New evidence, based on detailed chemical analysis, for it being some of the oldest life on Earth is presented alongside claims that it could be merely an imperfection in a piece of Western Australian rock that just looks a bit like a bacterium.

One report says this minute structure, like others found in the rocks, not only takes the shape of a microbe but also has high carbon content consistent with it once being a living organism.

The second report, on the other hand, says that many of the so-called fossils look nothing like microbes and are probably just blobs of the mineral graphite. Take your pick.

Scientists know life existed on Earth when the rocks were formed; they have ample chemical evidence from which the presence of the organisms can be inferred.
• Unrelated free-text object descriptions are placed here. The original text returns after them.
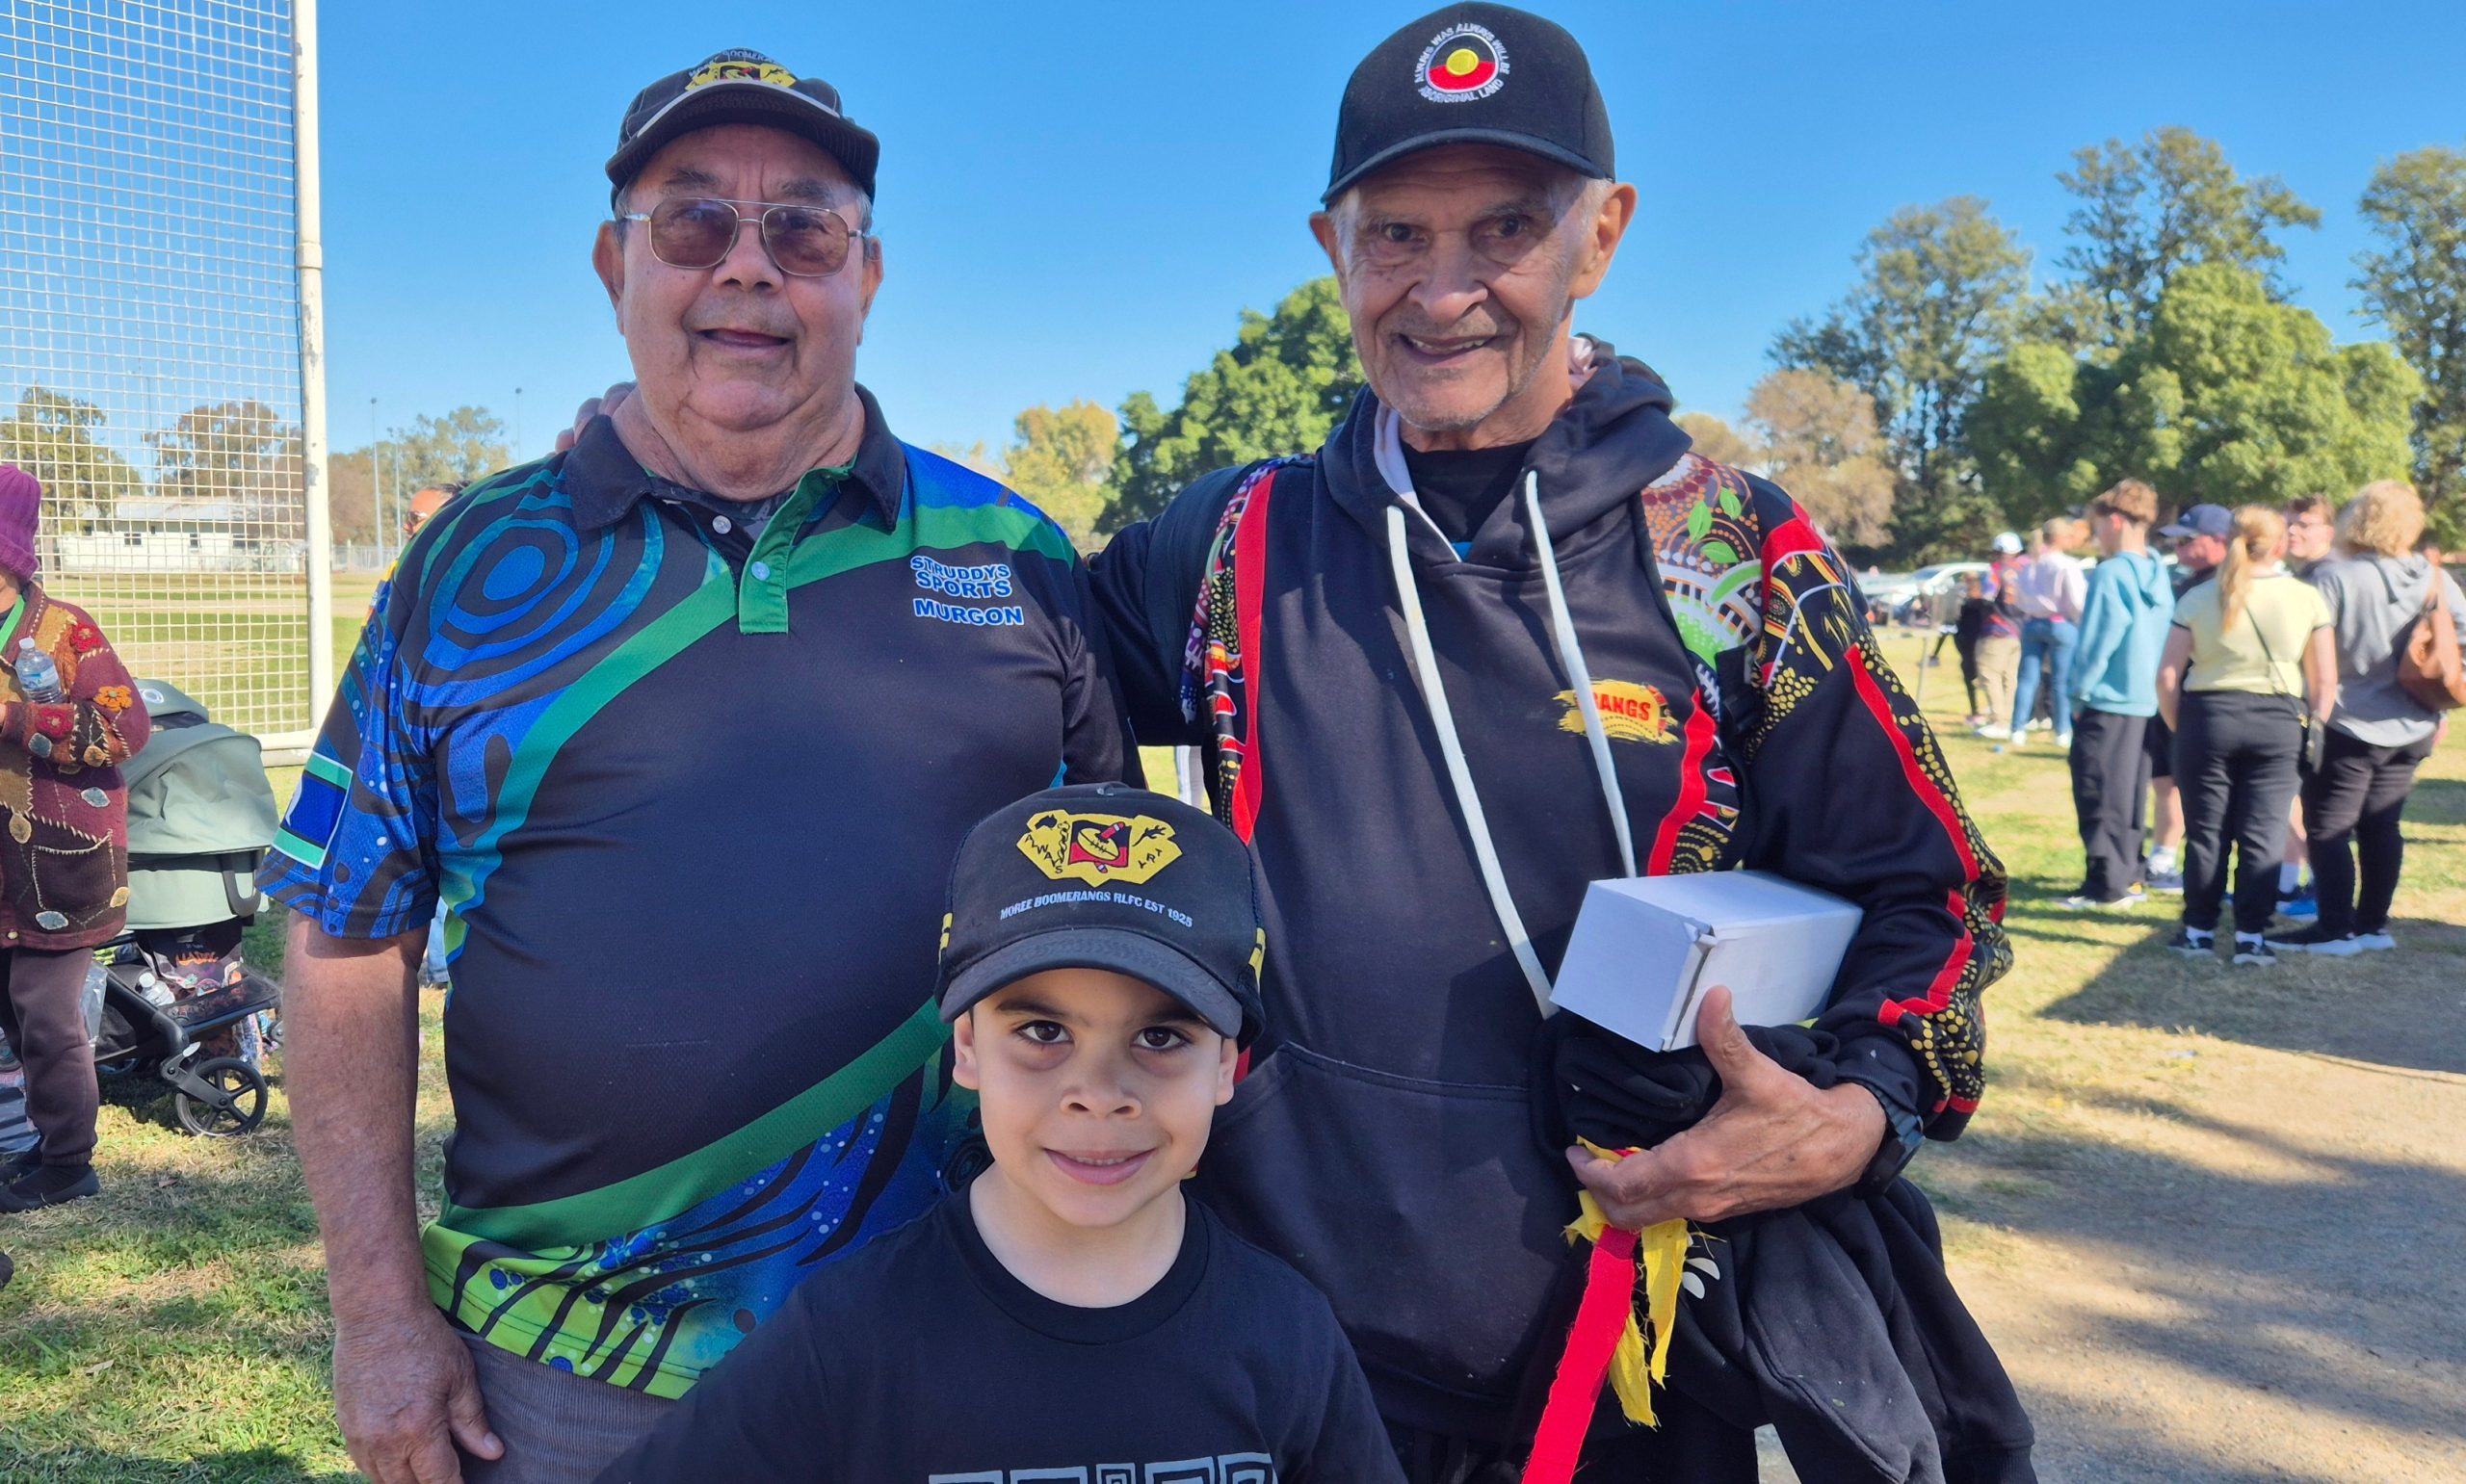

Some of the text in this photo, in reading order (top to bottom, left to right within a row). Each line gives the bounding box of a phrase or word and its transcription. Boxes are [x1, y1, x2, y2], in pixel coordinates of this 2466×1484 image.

[1430, 27, 1455, 46] WAS
[1456, 23, 1495, 41] ALWAYS
[1491, 39, 1509, 61] WILL
[1478, 78, 1505, 98] LAND
[910, 556, 1011, 582] STRUDDYS
[915, 570, 1012, 598] SPORTS
[913, 598, 1024, 626] MURGON
[1024, 834, 1063, 874] ALWAYS
[1000, 890, 1194, 928] MOREE BOOMERANGS RLFC EST 1925
The issue is whether this image represents something more physical - an actual fossilised bacterium from that ancient time.

Old rocks, new science

The case for it being the oldest fossil known to science is put by William Schopf of the University of California, US, and colleagues.

In the early 1990s, Schopf caused a sensation when he claimed to have evidence of ancient colonies of bacteria in 1,465-million-year-old rocks in Western Australia. He based his conclusion on the shapes of microfossils he found in the rocks.

Other scientists pointed out that relying on shape alone was unreliable, not least because bacteria have little definite shape anyway. They said it was difficult to tell the difference between a bacterium - especially a fossil bacterium - and a flaw in a rock.

To counter these criticisms, Schopf obtained other evidence by looking at the regions around the purported fossil bacteria, pointing to suggestions of widespread bacterial activity in the rocks.

Another explanation

And since then, Schopf and colleagues have sought to back up the morphology claims using laser-Raman imaging, a technique in which the chemical composition, as well as the structure of the fossils, can be mapped in two dimensions.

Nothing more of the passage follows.